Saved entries
##############################

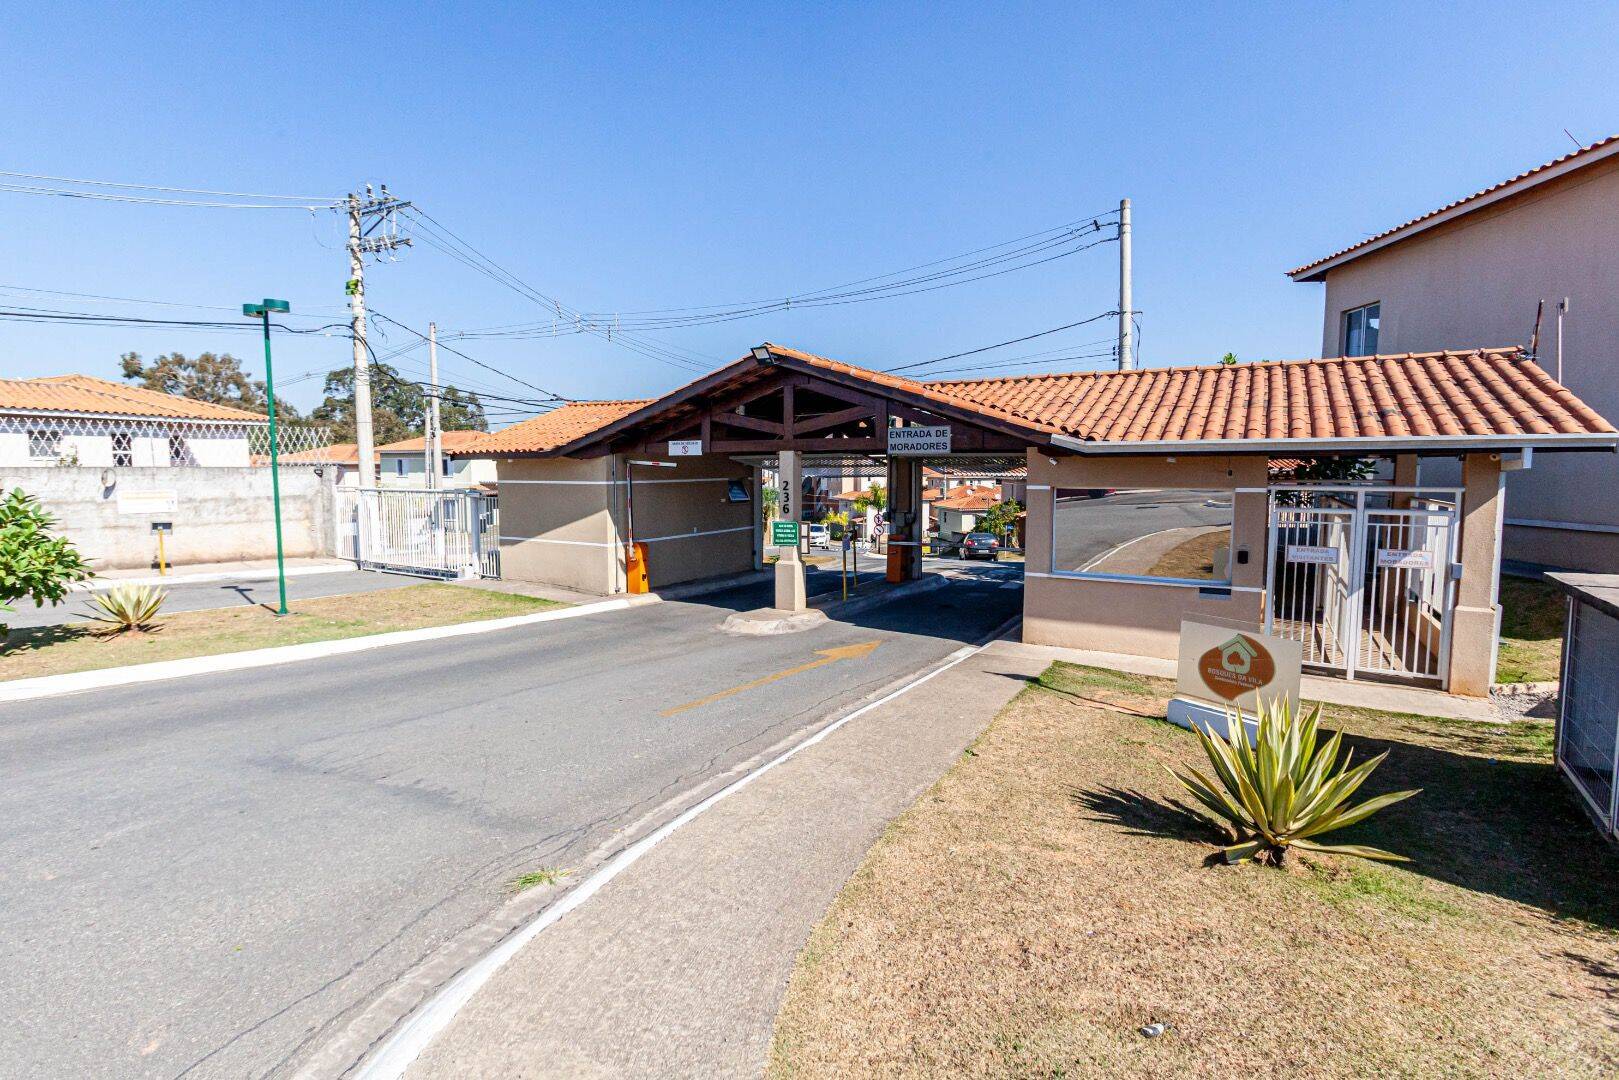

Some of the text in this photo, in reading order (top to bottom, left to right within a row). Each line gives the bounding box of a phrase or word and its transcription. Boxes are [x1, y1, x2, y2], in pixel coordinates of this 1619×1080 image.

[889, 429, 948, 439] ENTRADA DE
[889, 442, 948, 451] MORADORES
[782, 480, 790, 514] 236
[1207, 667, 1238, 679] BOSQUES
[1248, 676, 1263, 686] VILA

##############################

## EXERCISE INSTRUCTIONS
Your copy should be the entries retyped exactly, with no images in it.

## EXERCISE OUTPUT
Some of the text in this photo, in reading order (top to bottom, left to right within a row). Each line gives the bounding box of a phrase or word and its transcription. Boxes are [x1, y1, x2, y2], in pixel coordinates of this 1619×1080 image.

[889, 429, 948, 439] ENTRADA DE
[889, 442, 948, 451] MORADORES
[782, 480, 790, 514] 236
[1207, 667, 1238, 679] BOSQUES
[1248, 676, 1263, 686] VILA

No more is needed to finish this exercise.